- **INFORMATION SHOWN**
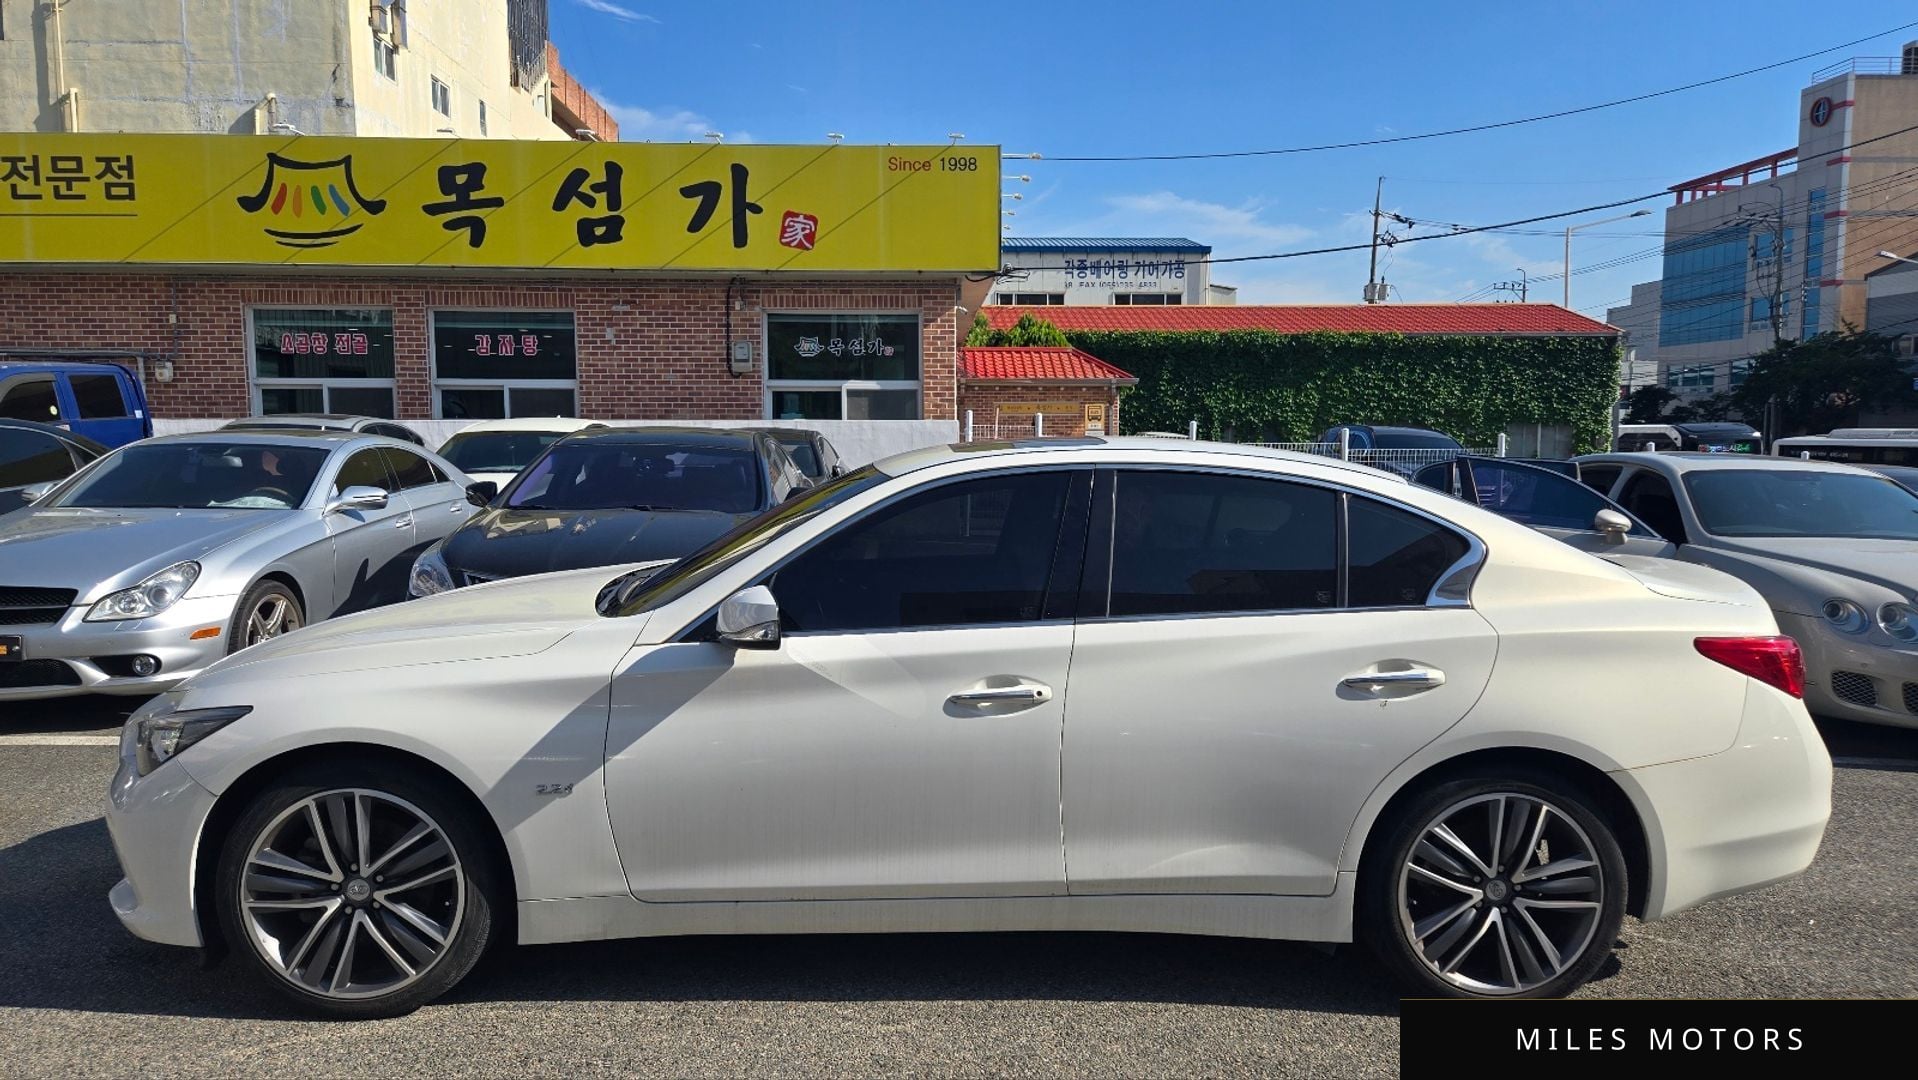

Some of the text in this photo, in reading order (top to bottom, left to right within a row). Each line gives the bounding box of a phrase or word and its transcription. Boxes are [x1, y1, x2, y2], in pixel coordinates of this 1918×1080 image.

[888, 156, 979, 175] Since 1998
[0, 154, 136, 201] 전문점
[334, 333, 368, 355] 전골
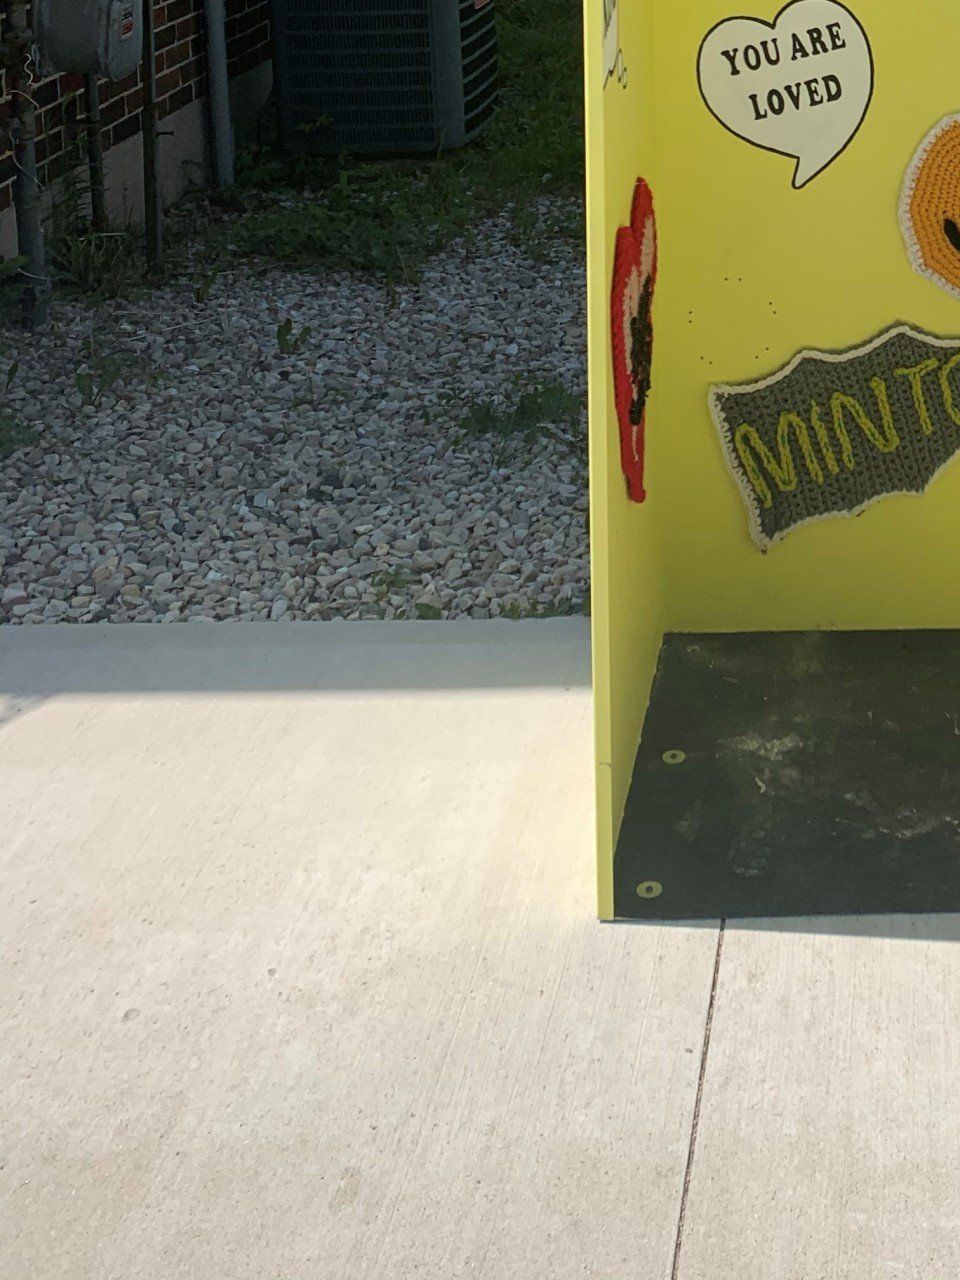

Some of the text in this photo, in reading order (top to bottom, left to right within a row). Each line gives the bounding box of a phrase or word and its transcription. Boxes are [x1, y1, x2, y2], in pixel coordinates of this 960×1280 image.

[721, 22, 846, 76] YOU ARE
[748, 74, 843, 120] LOVED
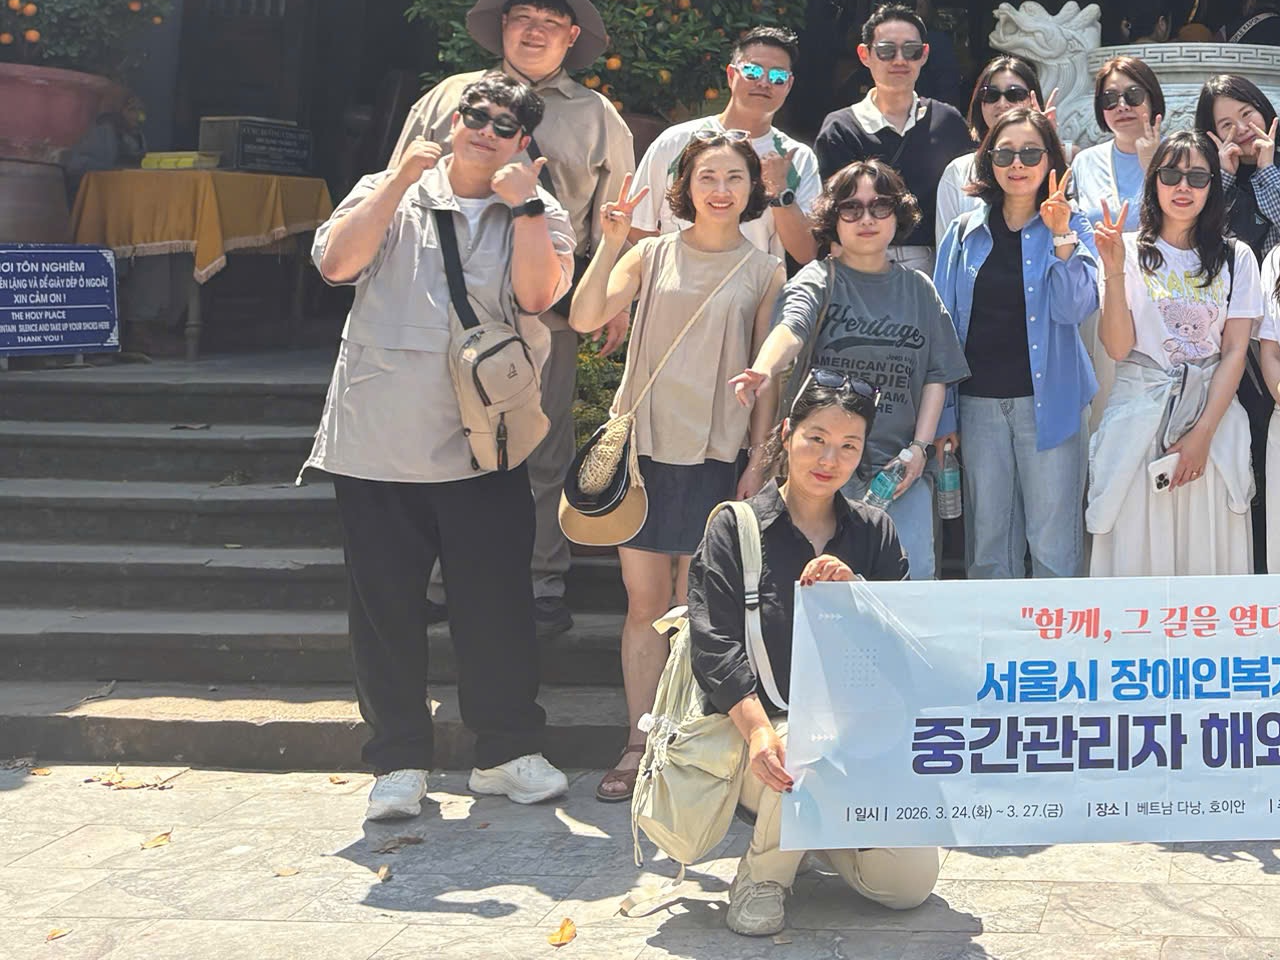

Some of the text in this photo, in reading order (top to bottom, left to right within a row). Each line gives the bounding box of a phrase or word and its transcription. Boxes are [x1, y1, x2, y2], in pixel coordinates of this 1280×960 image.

[0, 260, 85, 273] ƠI TÔN NGHIÊM
[14, 293, 28, 304] XIN
[11, 310, 66, 320] THE HOLY PLACE
[18, 323, 38, 333] SILENCE
[38, 323, 50, 332] AND
[50, 322, 62, 332] TAKE
[62, 322, 68, 331] UP
[69, 322, 82, 331] YOUR
[819, 303, 922, 348] Heritage
[17, 335, 42, 343] THANK
[43, 334, 60, 342] YOU
[1020, 606, 1112, 643] "함께,
[1121, 608, 1152, 634] 그
[1159, 604, 1221, 639] 길을
[977, 658, 1098, 703] 서울시
[911, 714, 1189, 776] 중간관리자
[896, 806, 931, 820] 2026.
[935, 806, 947, 820] 3.
[951, 804, 993, 820] 24.(화)
[1006, 804, 1019, 819] 3.
[1022, 803, 1064, 819] 27.(금)
[1136, 800, 1173, 816] 베트남
[1177, 800, 1205, 816] 다낭,
[1208, 799, 1246, 815] 호이안

- **INSTRUCTIONS TO FOLLOW**
Taking the line containing "this 1280×960 image." as the first, please return it and every line after it through the end of the entries, exactly and only those.

- **TASK SOLUTION**
Some of the text in this photo, in reading order (top to bottom, left to right within a row). Each line gives the bounding box of a phrase or word and its transcription. Boxes are [x1, y1, x2, y2], in pixel coordinates of this 1280×960 image.

[0, 260, 85, 273] ƠI TÔN NGHIÊM
[14, 293, 28, 304] XIN
[11, 310, 66, 320] THE HOLY PLACE
[18, 323, 38, 333] SILENCE
[38, 323, 50, 332] AND
[50, 322, 62, 332] TAKE
[62, 322, 68, 331] UP
[69, 322, 82, 331] YOUR
[819, 303, 922, 348] Heritage
[17, 335, 42, 343] THANK
[43, 334, 60, 342] YOU
[1020, 606, 1112, 643] "함께,
[1121, 608, 1152, 634] 그
[1159, 604, 1221, 639] 길을
[977, 658, 1098, 703] 서울시
[911, 714, 1189, 776] 중간관리자
[896, 806, 931, 820] 2026.
[935, 806, 947, 820] 3.
[951, 804, 993, 820] 24.(화)
[1006, 804, 1019, 819] 3.
[1022, 803, 1064, 819] 27.(금)
[1136, 800, 1173, 816] 베트남
[1177, 800, 1205, 816] 다낭,
[1208, 799, 1246, 815] 호이안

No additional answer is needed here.